§ WORK ORDER: Reproduce the lines below exactly. Skip images.

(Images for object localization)

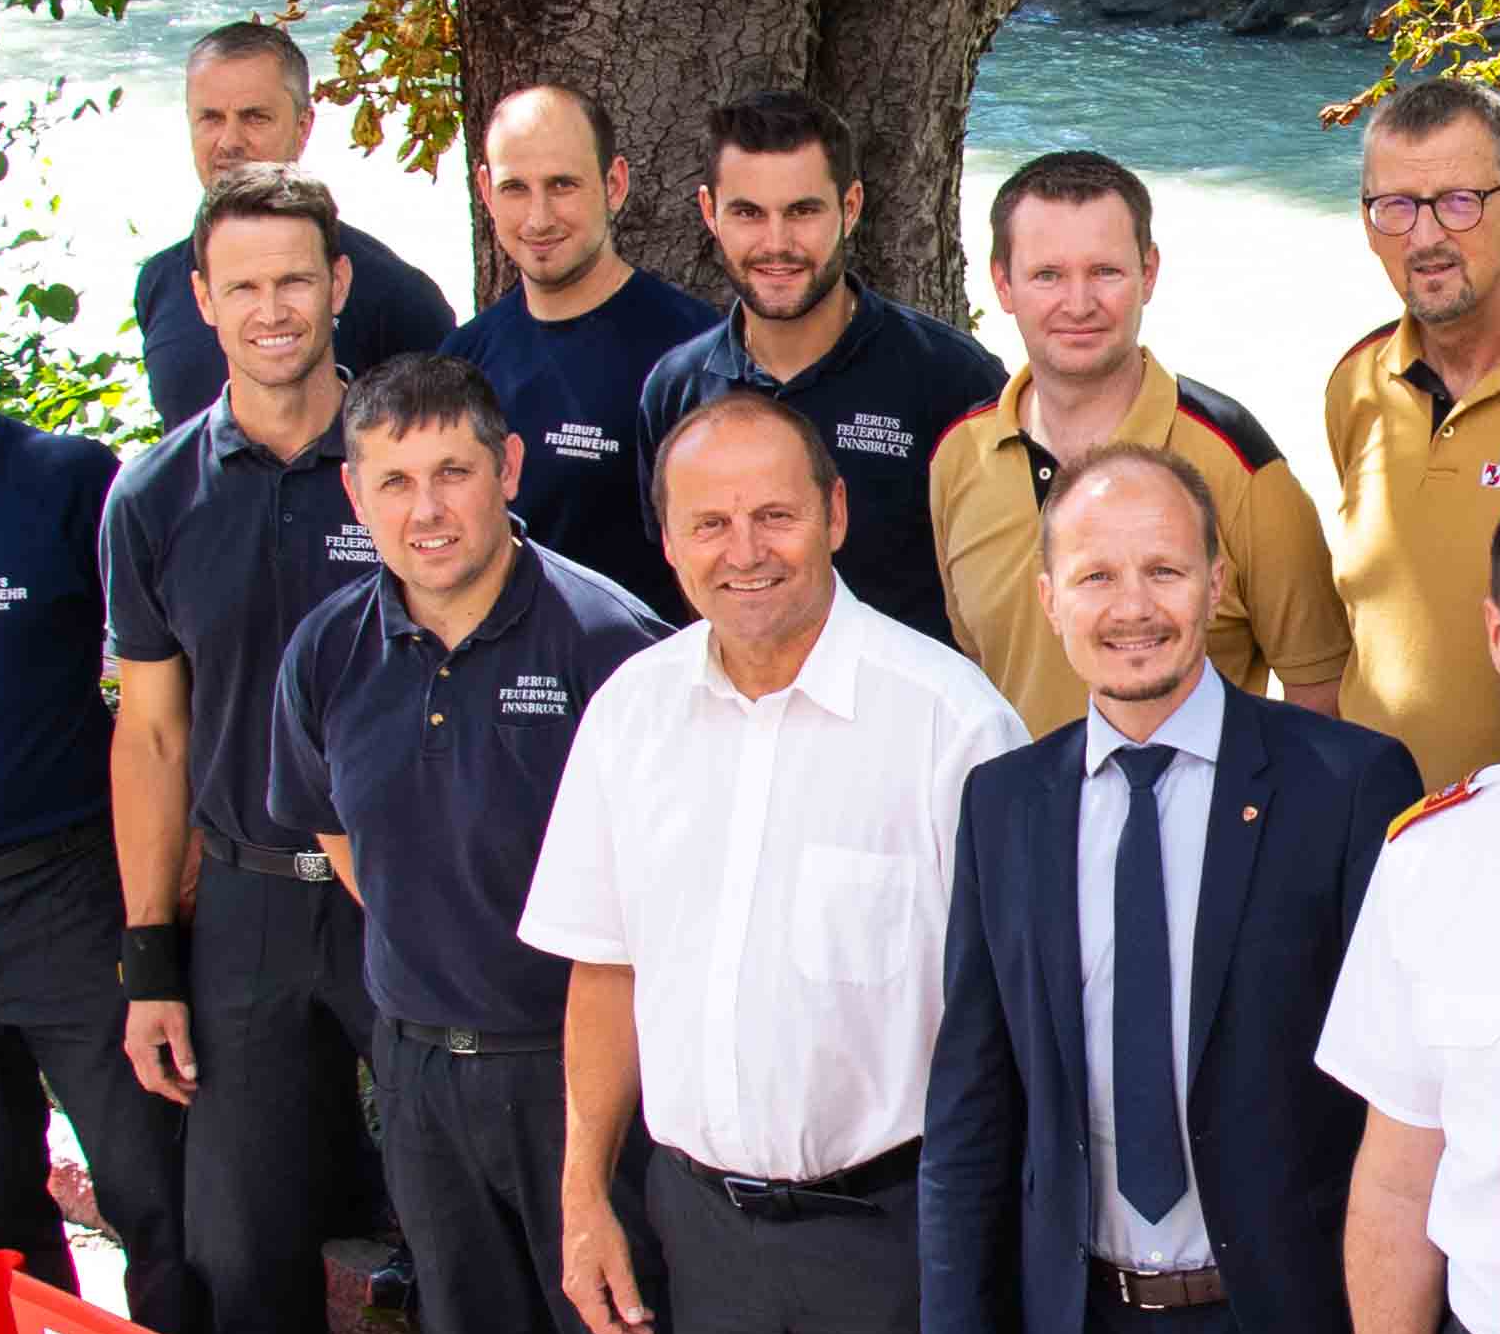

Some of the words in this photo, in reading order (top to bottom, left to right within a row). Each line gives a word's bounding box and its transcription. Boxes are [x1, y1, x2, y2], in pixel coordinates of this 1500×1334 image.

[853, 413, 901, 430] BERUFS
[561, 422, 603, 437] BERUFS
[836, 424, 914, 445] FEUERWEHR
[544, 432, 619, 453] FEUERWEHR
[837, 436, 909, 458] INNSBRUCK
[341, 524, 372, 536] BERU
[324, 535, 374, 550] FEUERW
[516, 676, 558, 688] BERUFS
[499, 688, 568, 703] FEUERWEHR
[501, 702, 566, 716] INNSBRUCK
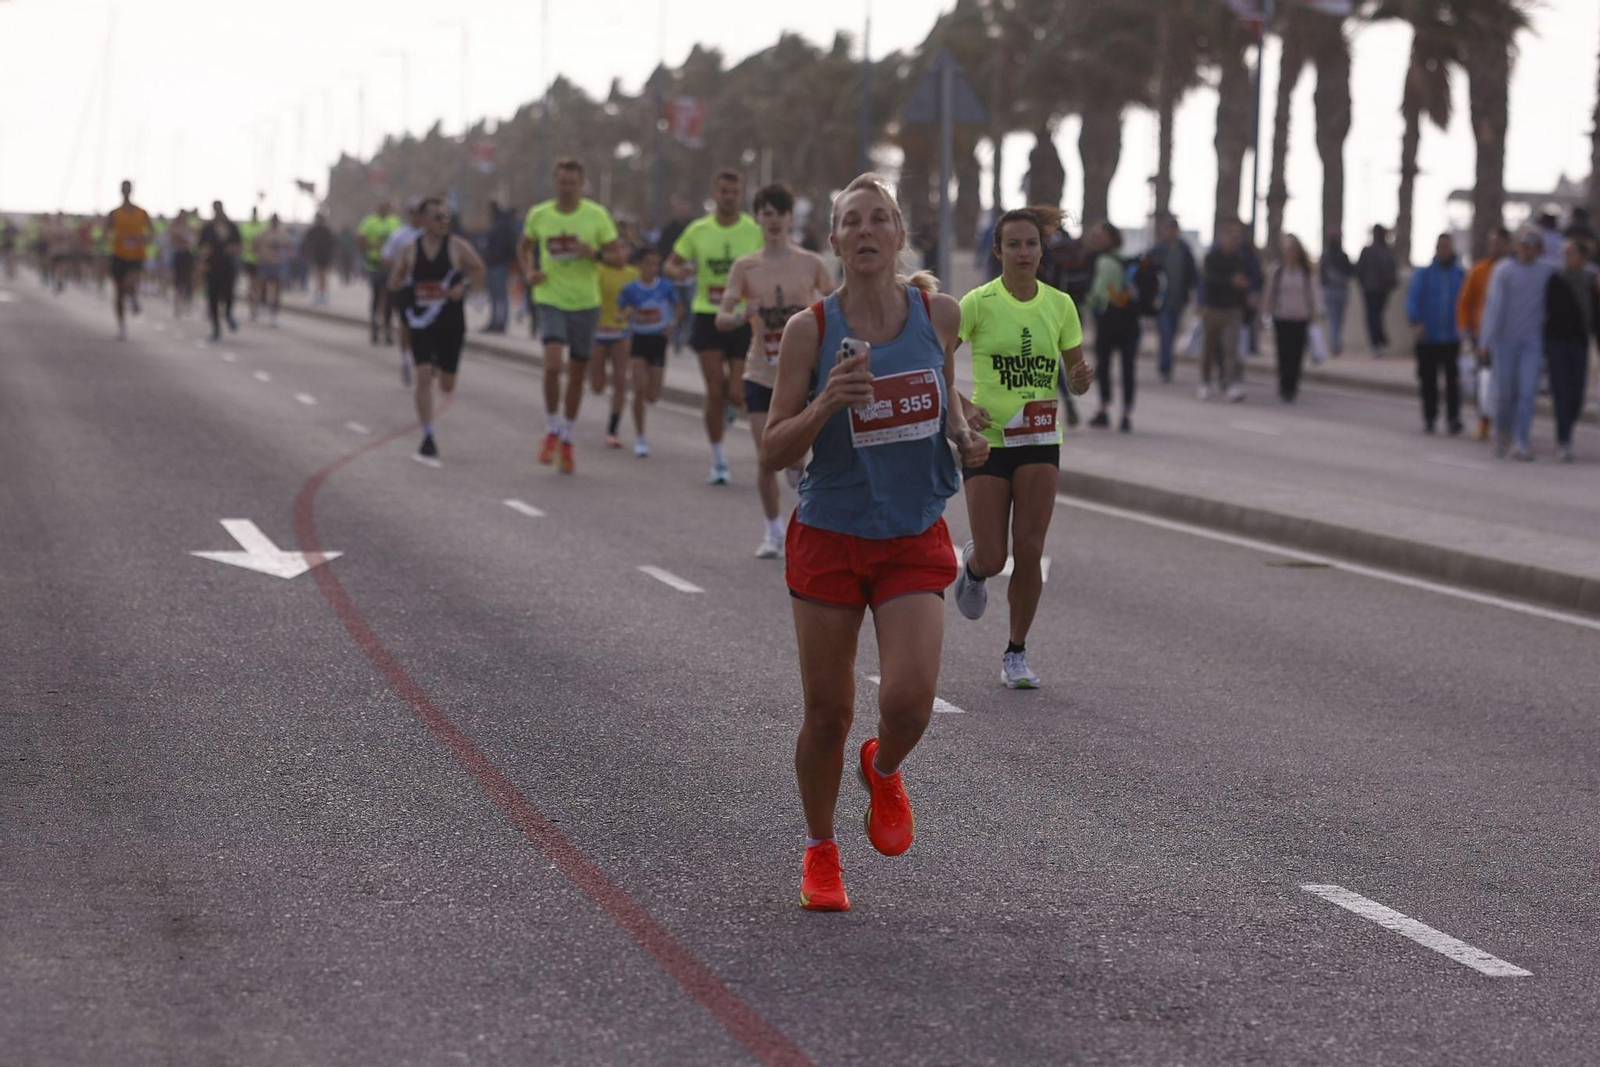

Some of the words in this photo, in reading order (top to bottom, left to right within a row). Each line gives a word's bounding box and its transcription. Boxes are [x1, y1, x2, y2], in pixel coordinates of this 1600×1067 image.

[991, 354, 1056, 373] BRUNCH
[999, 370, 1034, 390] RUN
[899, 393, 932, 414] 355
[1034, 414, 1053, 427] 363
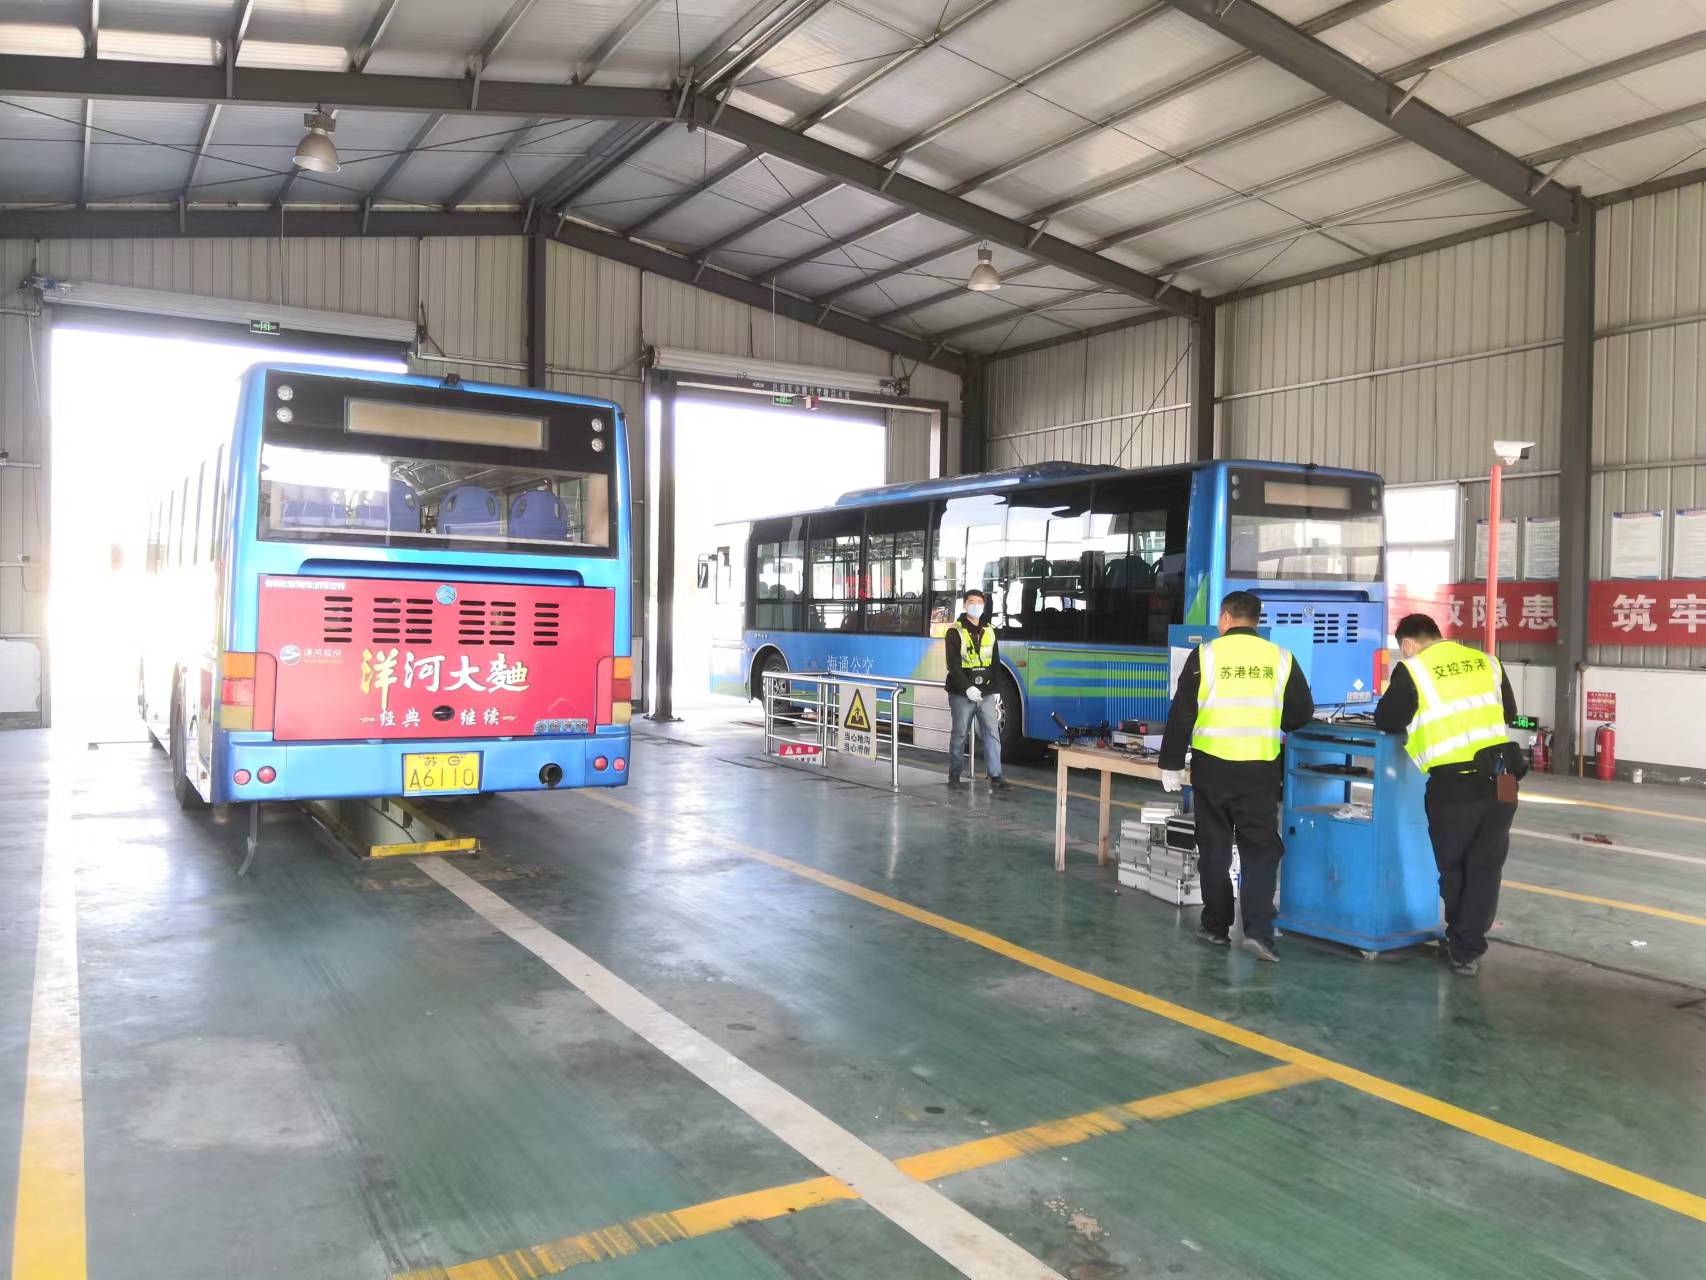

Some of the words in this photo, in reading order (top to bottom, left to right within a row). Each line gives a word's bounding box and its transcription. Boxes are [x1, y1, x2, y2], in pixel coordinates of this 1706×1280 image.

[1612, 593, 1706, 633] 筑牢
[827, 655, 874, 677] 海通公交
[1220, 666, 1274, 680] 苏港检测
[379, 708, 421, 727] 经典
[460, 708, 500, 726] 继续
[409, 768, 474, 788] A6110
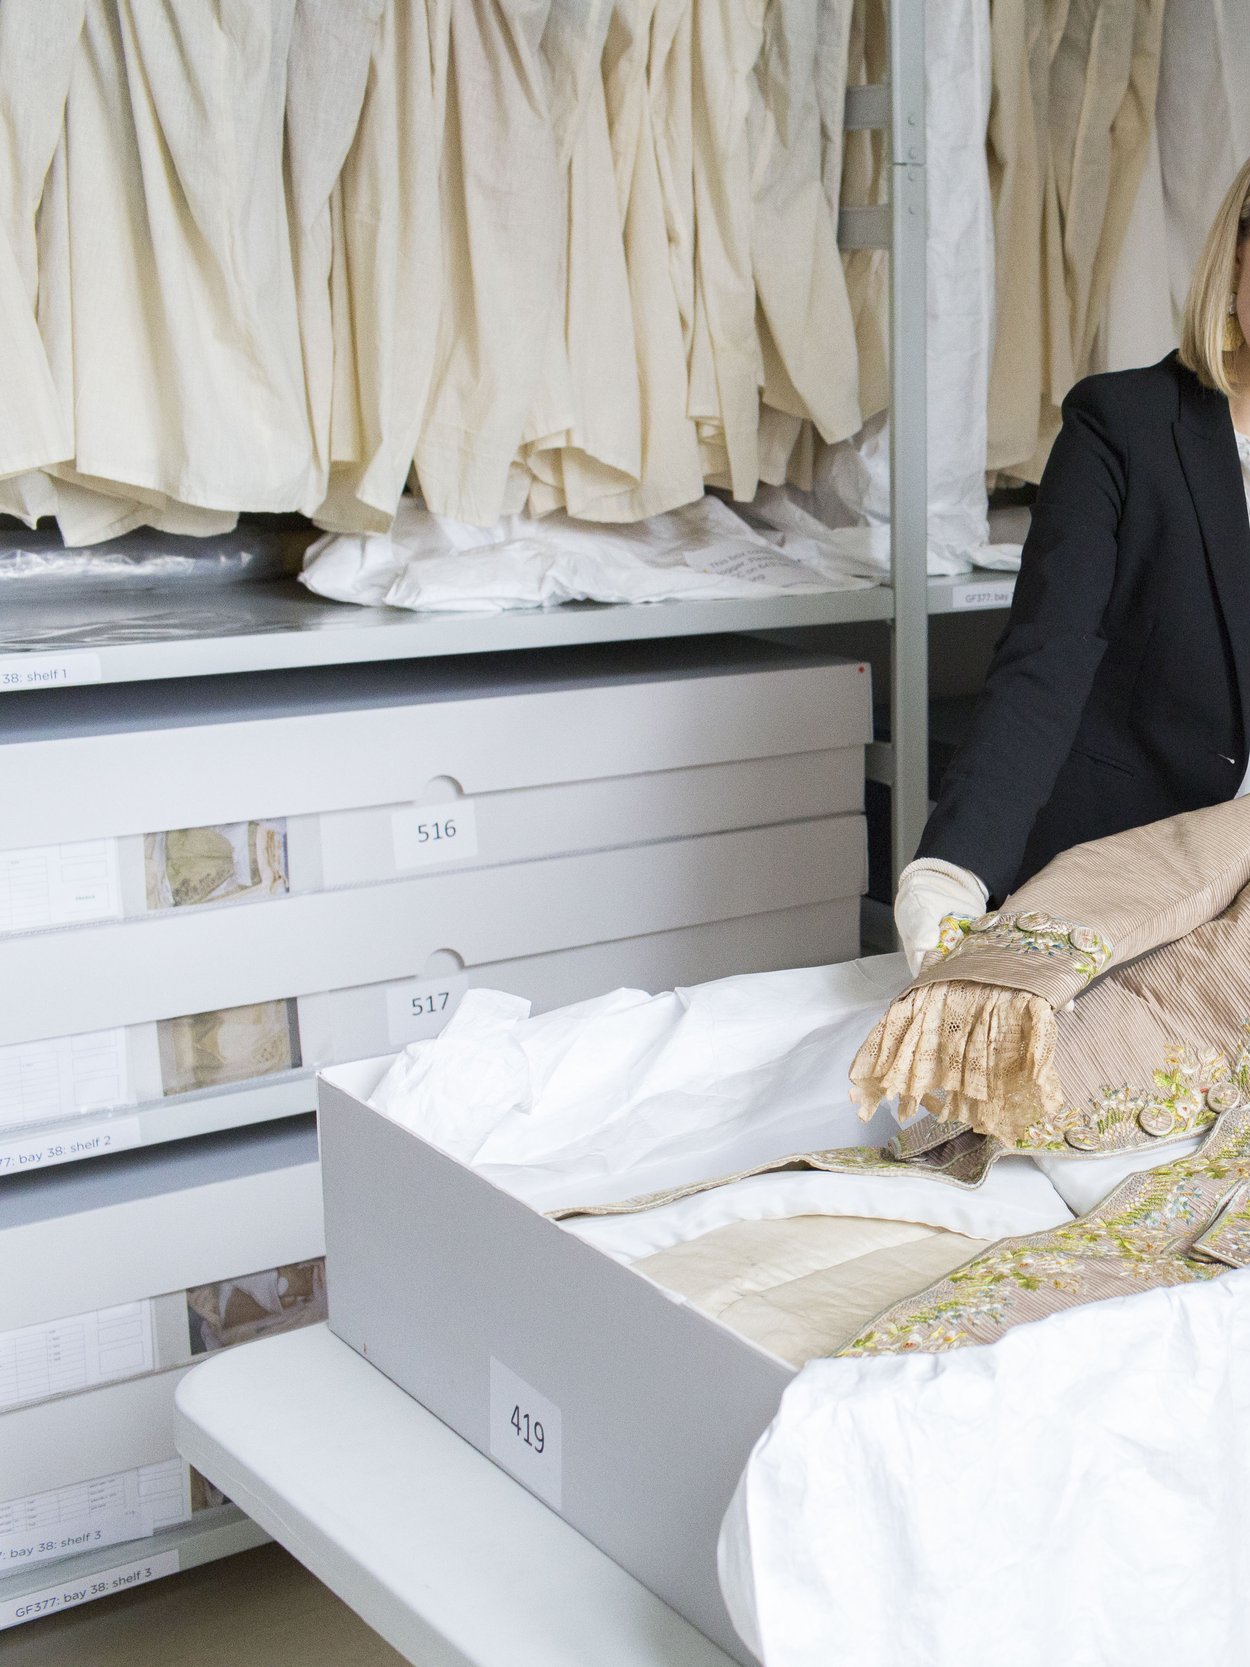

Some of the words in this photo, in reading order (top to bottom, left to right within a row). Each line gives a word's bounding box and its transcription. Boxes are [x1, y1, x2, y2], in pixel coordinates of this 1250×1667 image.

§ RESPONSE AREA:
Some of the words in this photo, in reading order (top to bottom, left to right within a row). Each line gives a word's bounding box and its transcription. Boxes are [x1, y1, x2, y2], in pixel coordinates of this 1500×1334 image.

[853, 413, 901, 430] BERUFS
[561, 422, 603, 437] BERUFS
[836, 424, 914, 445] FEUERWEHR
[544, 432, 619, 453] FEUERWEHR
[837, 436, 909, 458] INNSBRUCK
[341, 524, 372, 536] BERU
[324, 535, 374, 550] FEUERW
[516, 676, 558, 688] BERUFS
[499, 688, 568, 703] FEUERWEHR
[501, 702, 566, 716] INNSBRUCK

Some of the words in this photo, in reading order (top to bottom, left to right within a row). Each line gives a word's bounding box and its transcription. Boxes are [x1, y1, x2, y2], in pixel coordinates of this 1600×1067 image.

[991, 354, 1056, 373] BRUNCH
[999, 370, 1034, 390] RUN
[899, 393, 932, 414] 355
[1034, 414, 1053, 427] 363

Some of the words in this photo, in reading order (top to bottom, left to right within a row). Each line gives a word's bounding box and its transcription. Boxes are [x1, y1, x2, y2], in pixel coordinates of this 1706×1280 image.

[1612, 593, 1706, 633] 筑牢
[827, 655, 874, 677] 海通公交
[1220, 666, 1274, 680] 苏港检测
[379, 708, 421, 727] 经典
[460, 708, 500, 726] 继续
[409, 768, 474, 788] A6110

Some of the words in this photo, in reading order (top to bottom, left to right within a row). Each line gives a word's bounding box and its transcription. Boxes are [x1, y1, x2, y2], in pixel coordinates of this 1250×1667 image.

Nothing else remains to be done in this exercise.